## How to complete this task
Repeat every entry exactly. Pictures stay out.

Referring expression grounding data
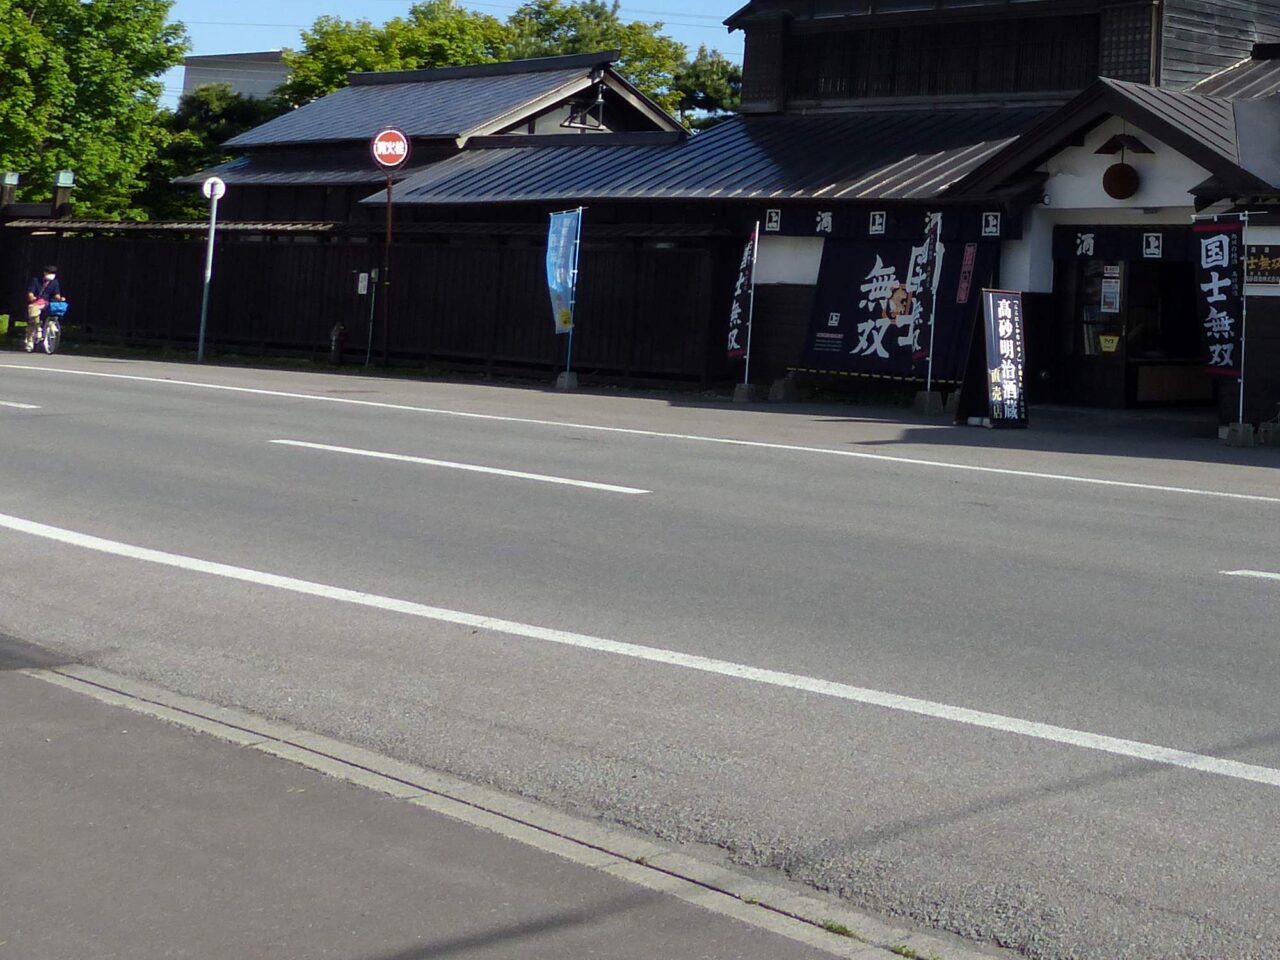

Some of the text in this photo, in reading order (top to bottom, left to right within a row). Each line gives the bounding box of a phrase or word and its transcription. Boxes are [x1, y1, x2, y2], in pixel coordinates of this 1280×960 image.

[816, 211, 832, 233] 酒
[1076, 233, 1094, 256] 酒
[1201, 234, 1235, 367] 国士無双
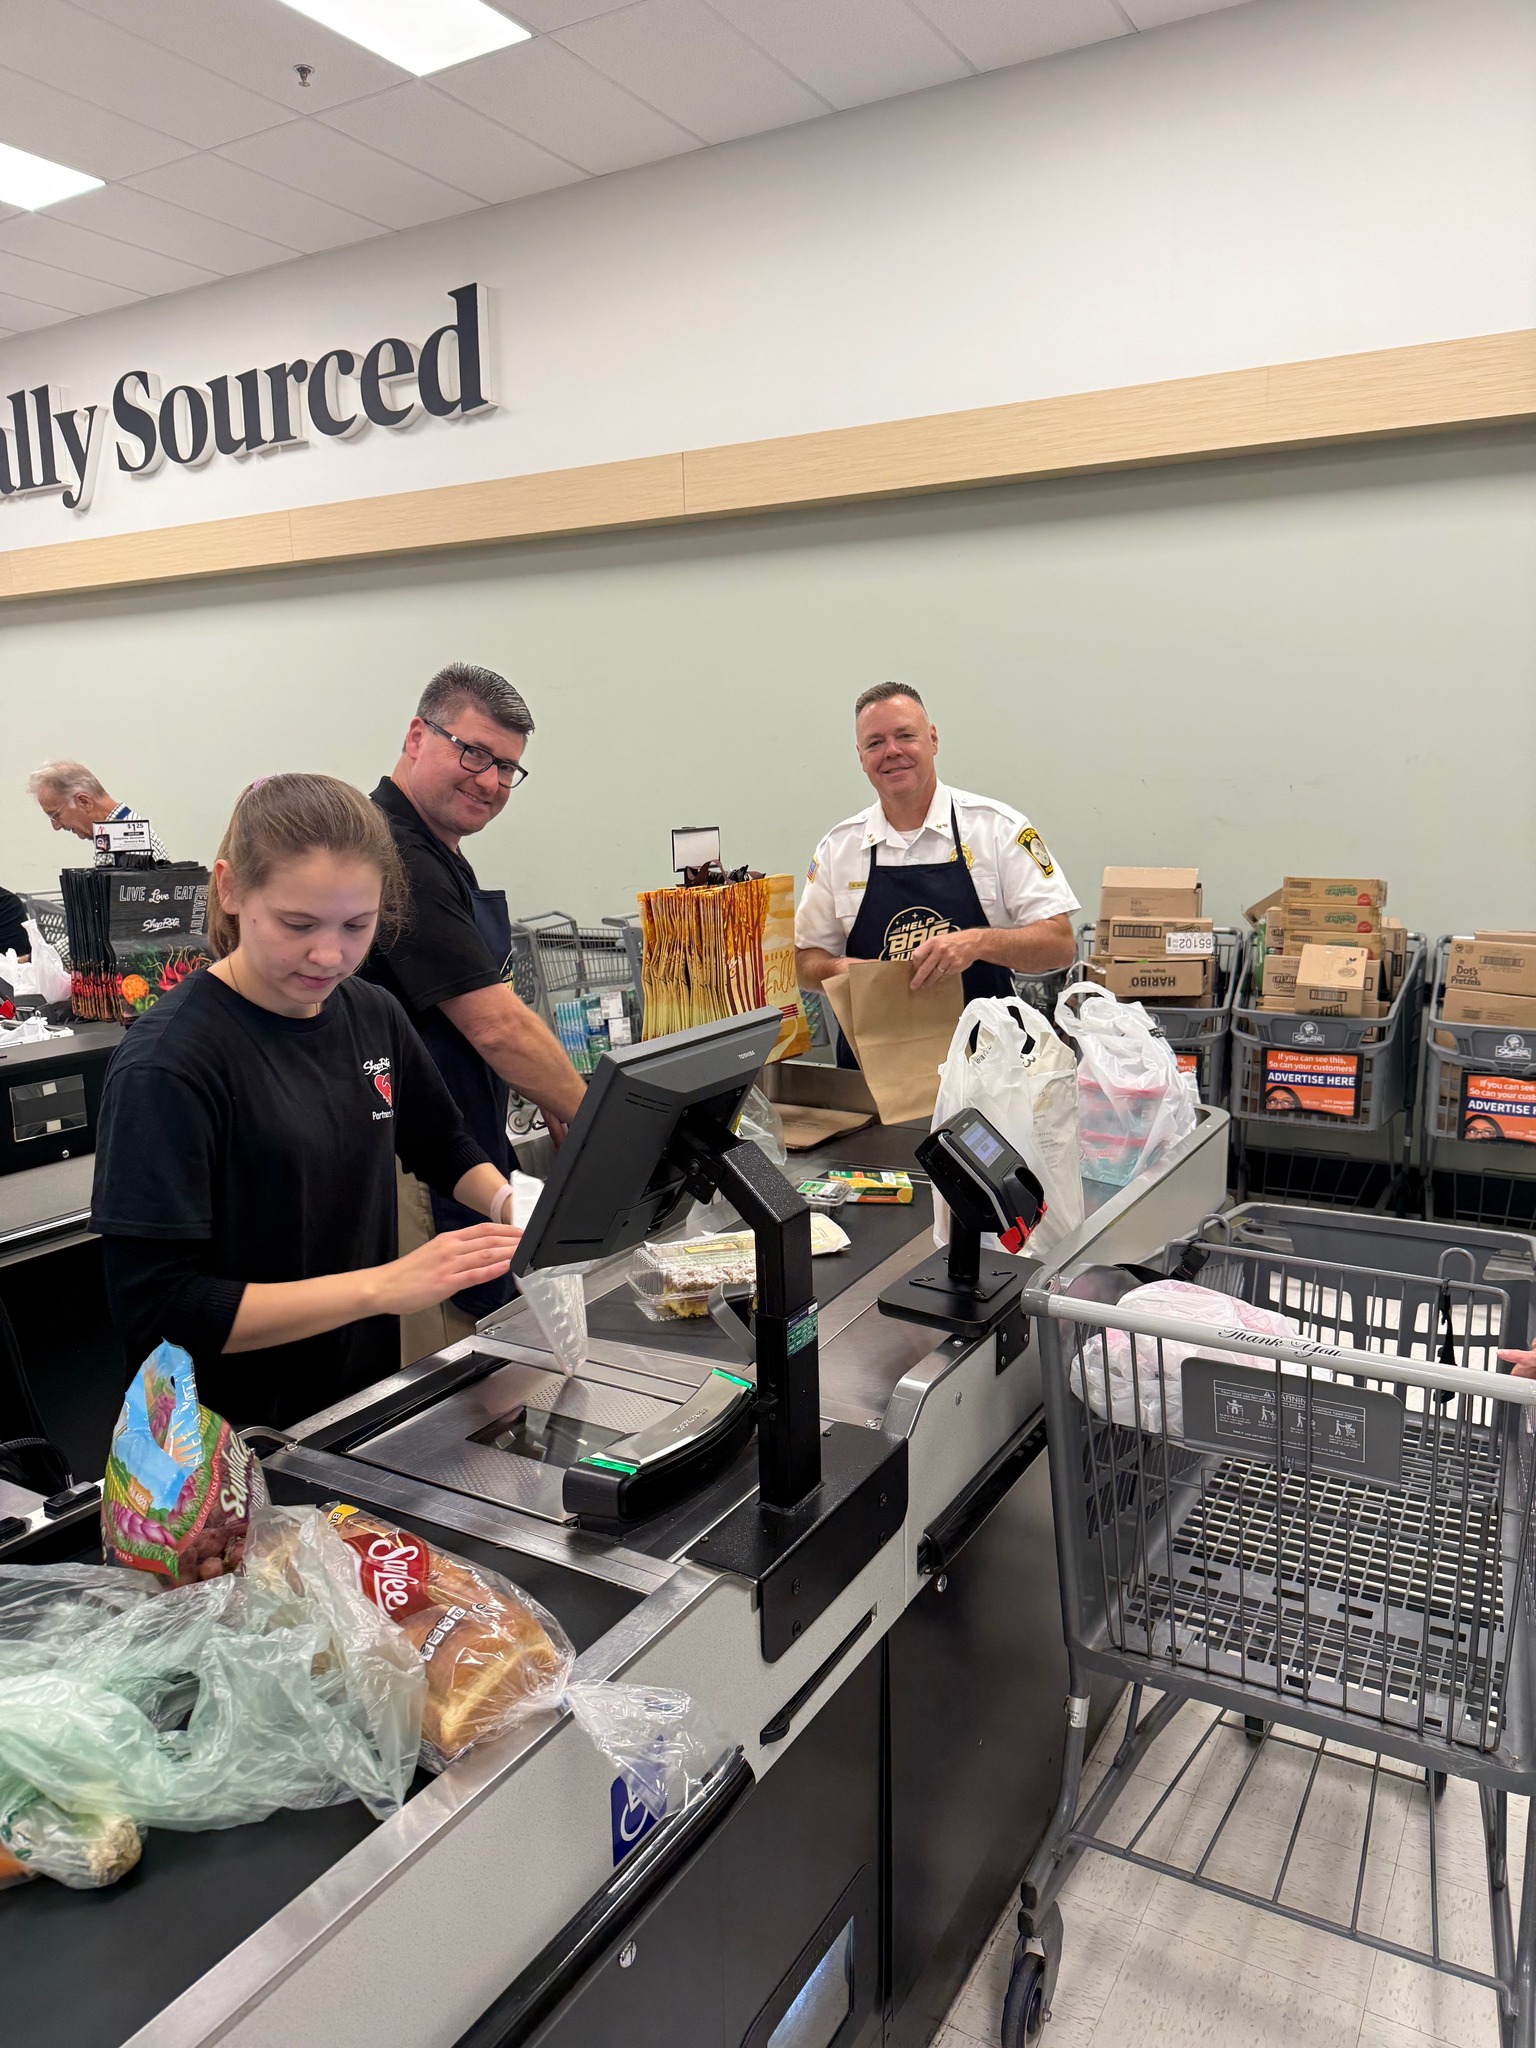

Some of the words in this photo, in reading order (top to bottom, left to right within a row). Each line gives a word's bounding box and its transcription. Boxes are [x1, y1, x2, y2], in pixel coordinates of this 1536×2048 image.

## Output below
Some of the text in this photo, in reading order (top to bottom, left to right within a row). Each line gives the bounding box of a phrase or word and its transcription. Boxes are [x1, y1, x2, y2], in pixel coordinates of this 1280×960 image.

[816, 211, 832, 233] 酒
[1076, 233, 1094, 256] 酒
[1201, 234, 1235, 367] 国士無双

Some of the words in this photo, in reading order (top to bottom, left to right within a row). Each line gives a word's bounding box and its transcription. Boxes are [x1, y1, x2, y2], in pixel coordinates of this 1536×2048 image.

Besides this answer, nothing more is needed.